Georgina – I got married when I was very young. I was twenty-two. I was your typical wife – I cooked, I did laundry, I took care of the dog, I hung out with my husband. We had a pretty chill life because I spent all of our money on the shop so we couldn’t afford to do anything! We’re divorced now but he was an x-ray field service engineer so he worked crazy hours too. We had Sundays off together, that was the only time we had together, and probably why we got divorced within five years of my shop opening. I gave up all my free time for Black Diamond. Happily, obviously, but when you got to work an hour early and stay an hour later because you’re the only person that works there and paperwork has to get done your marriage is going to suffer, and it did.

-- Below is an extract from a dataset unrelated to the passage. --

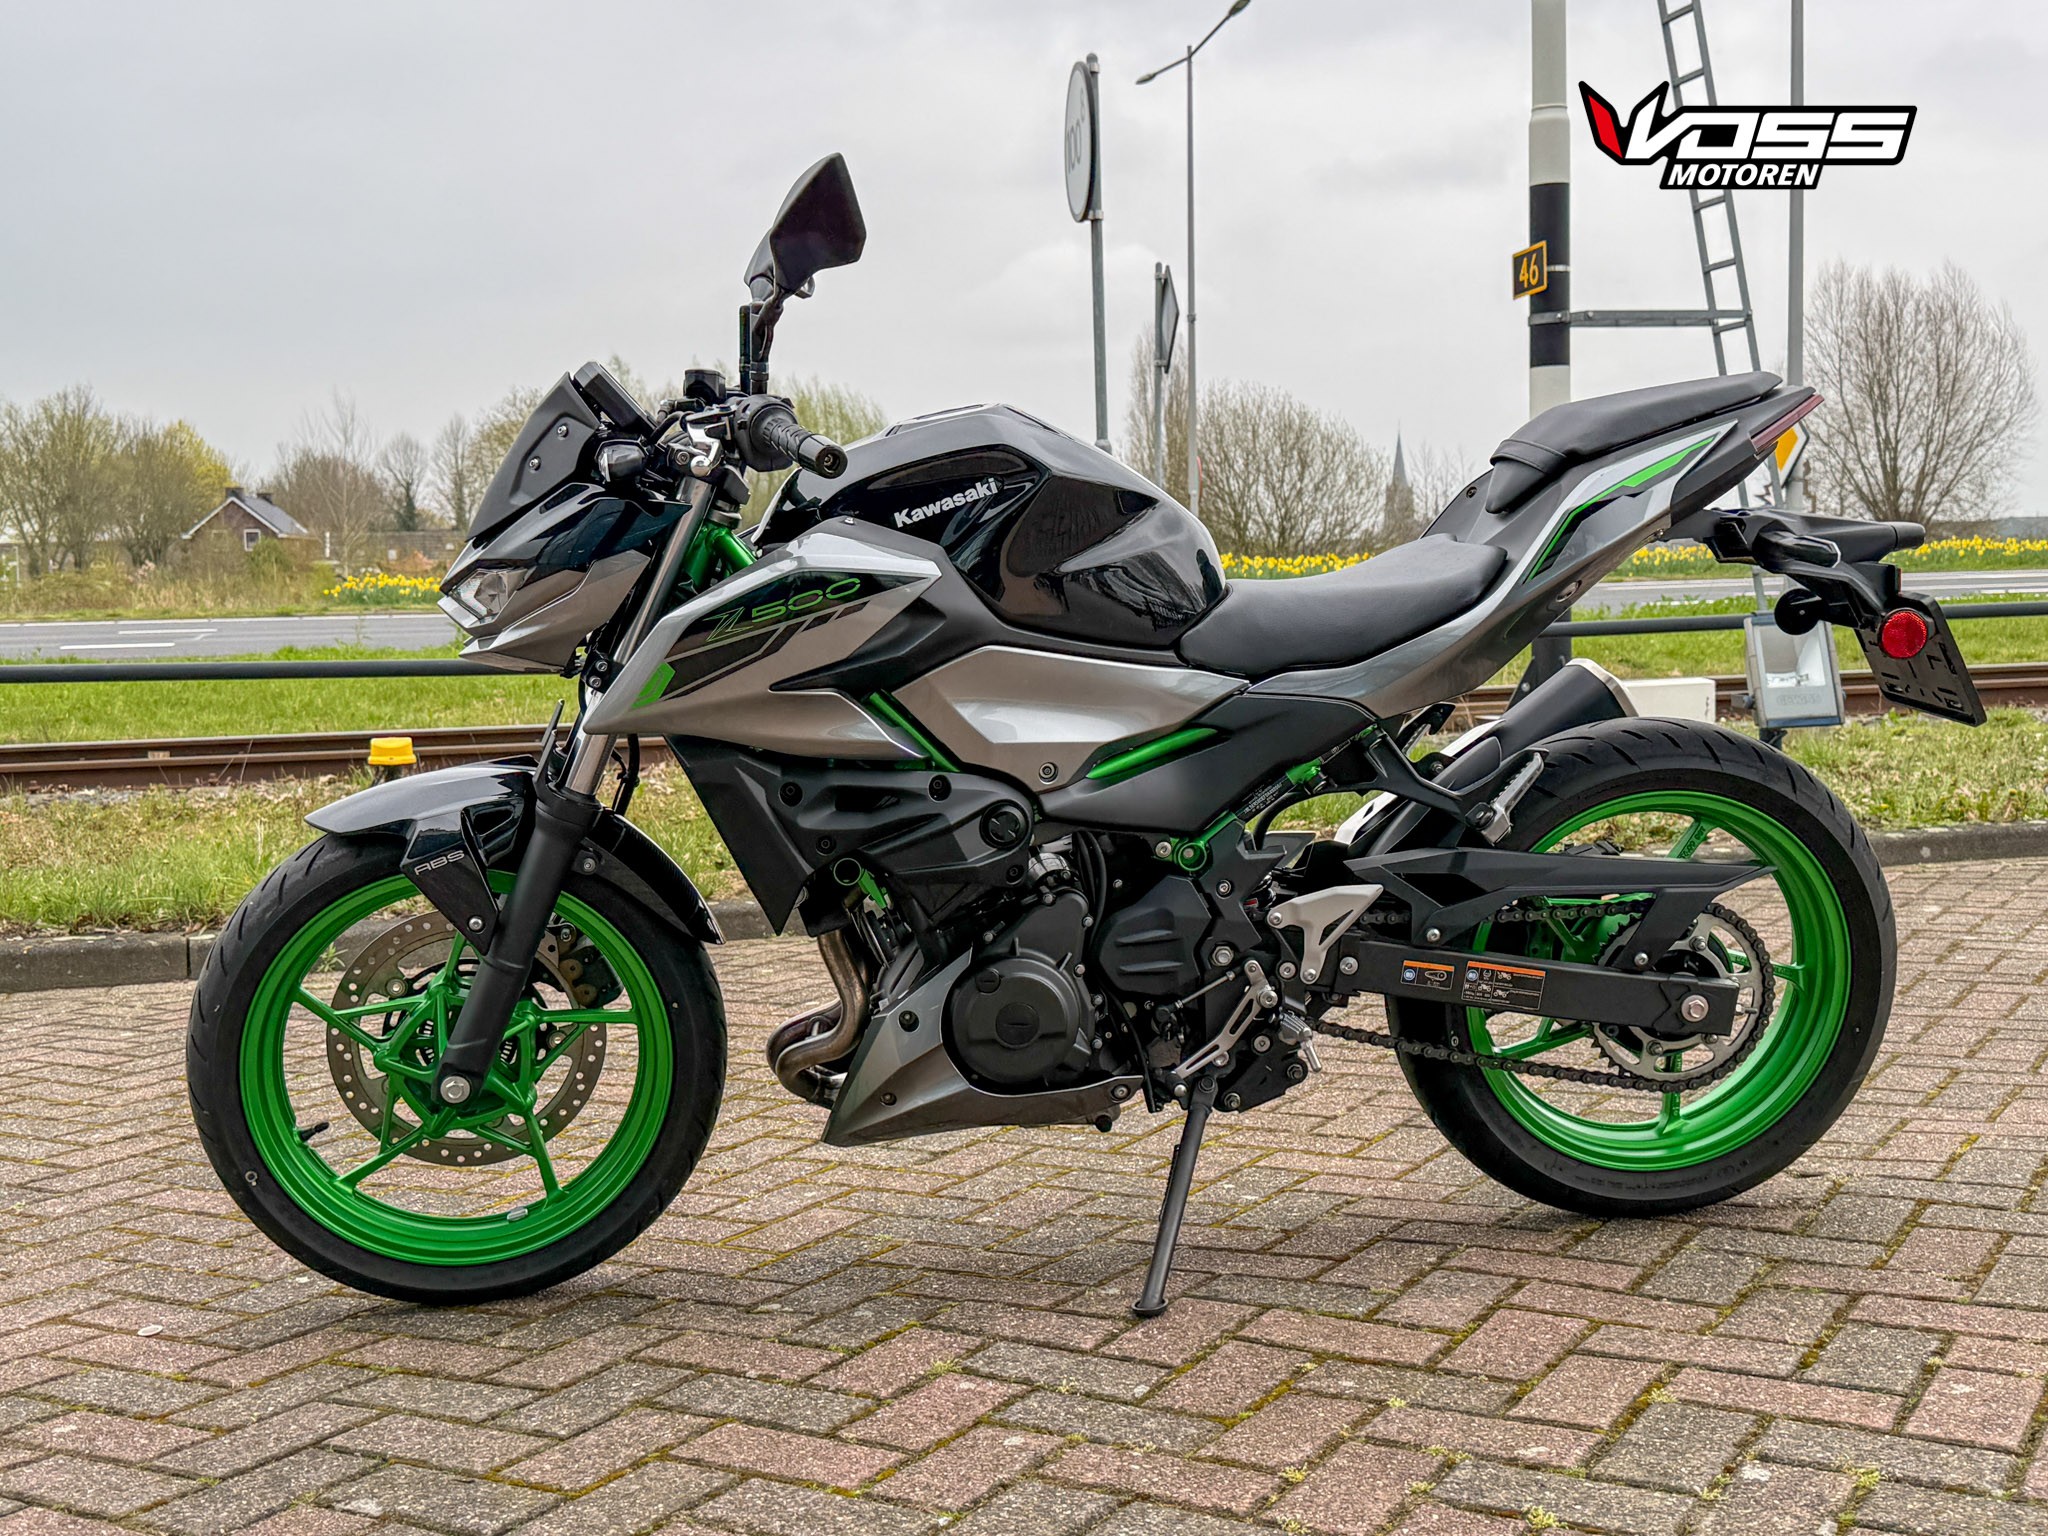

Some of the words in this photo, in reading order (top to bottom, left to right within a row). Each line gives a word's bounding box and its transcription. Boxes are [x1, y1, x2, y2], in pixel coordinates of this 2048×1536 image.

[1519, 253, 1539, 288] 46
[894, 477, 999, 528] Kawasaki
[414, 850, 465, 876] ABS

It was then a quick transition to me having the time to do things, and now that I have a lot of free time I still end up at the shop plenty. I only live a block away from the studio. But I do Crossfit, I love to decorate. Finally enjoying some real free time for the first time in my entire adult life is pretty awesome.  

Ari – Do you think not being sucked into “piercer land” all day and night for so long aided in the longevity of your career?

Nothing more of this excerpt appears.